**Task objective**
Your reply should reproduce each line below exactly and carry none of the pictures.

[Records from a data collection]

= Beginning of Section =

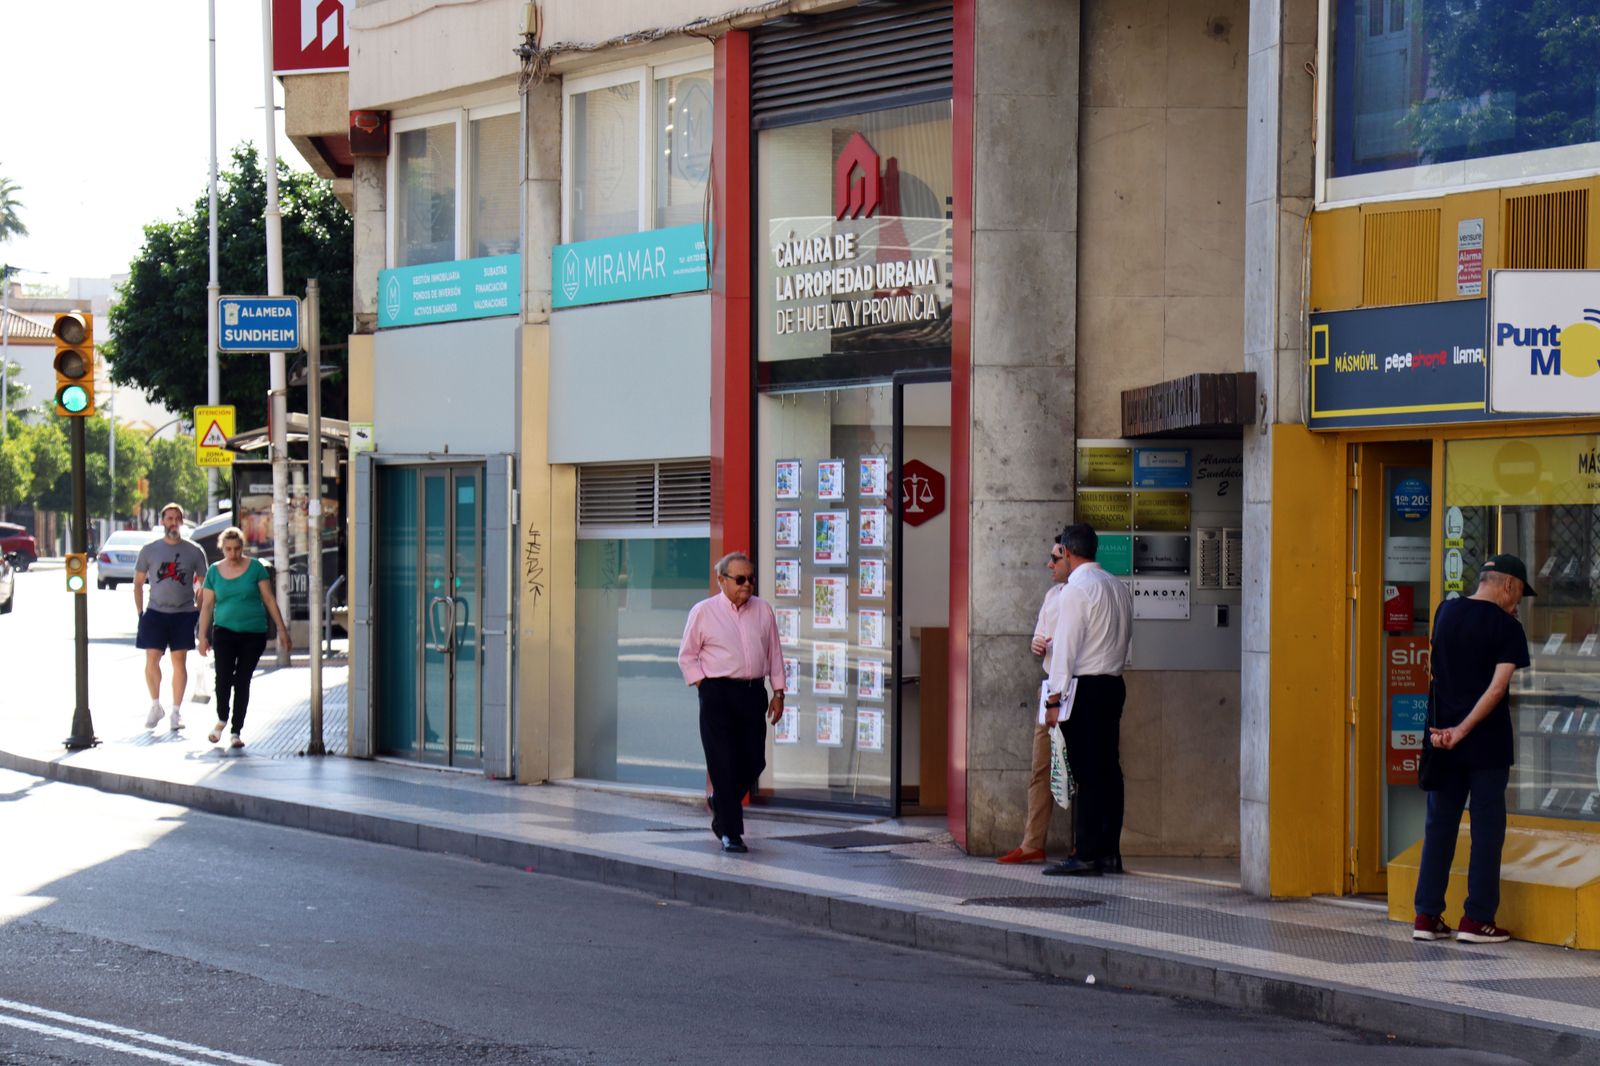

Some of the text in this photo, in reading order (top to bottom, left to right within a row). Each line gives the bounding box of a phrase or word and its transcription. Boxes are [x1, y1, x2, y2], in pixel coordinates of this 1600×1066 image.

[776, 230, 857, 268] CÁMARA DE
[1459, 252, 1482, 261] Alarma
[484, 265, 508, 277] SUBASTAS
[585, 246, 667, 288] MIRAMAR
[413, 271, 460, 286] GESTIÓN INMOBILIARIA
[776, 259, 938, 301] LA PROPIEDAD URBANA
[413, 286, 461, 302] FONDOS DE INVERSIÓN
[476, 281, 508, 294] FINANCIACIÓN
[414, 303, 457, 317] ACTIVOS BANCARIOS
[474, 298, 508, 311] VALORACIONES
[242, 307, 293, 318] ALAMEDA
[777, 293, 938, 335] DE HUELVA Y PROVINCIA
[225, 329, 295, 342] SUNDHEIM
[1385, 349, 1447, 373] pepephone
[198, 408, 231, 416] ATENCIÓN
[1216, 480, 1229, 497] 2

= End of Section =

**Response to the task**
Some of the text in this photo, in reading order (top to bottom, left to right within a row). Each line gives the bounding box of a phrase or word and its transcription. Boxes are [x1, y1, x2, y2], in pixel coordinates of this 1600×1066 image.

[776, 230, 857, 268] CÁMARA DE
[1459, 252, 1482, 261] Alarma
[484, 265, 508, 277] SUBASTAS
[585, 246, 667, 288] MIRAMAR
[413, 271, 460, 286] GESTIÓN INMOBILIARIA
[776, 259, 938, 301] LA PROPIEDAD URBANA
[413, 286, 461, 302] FONDOS DE INVERSIÓN
[476, 281, 508, 294] FINANCIACIÓN
[414, 303, 457, 317] ACTIVOS BANCARIOS
[474, 298, 508, 311] VALORACIONES
[242, 307, 293, 318] ALAMEDA
[777, 293, 938, 335] DE HUELVA Y PROVINCIA
[225, 329, 295, 342] SUNDHEIM
[1385, 349, 1447, 373] pepephone
[198, 408, 231, 416] ATENCIÓN
[1216, 480, 1229, 497] 2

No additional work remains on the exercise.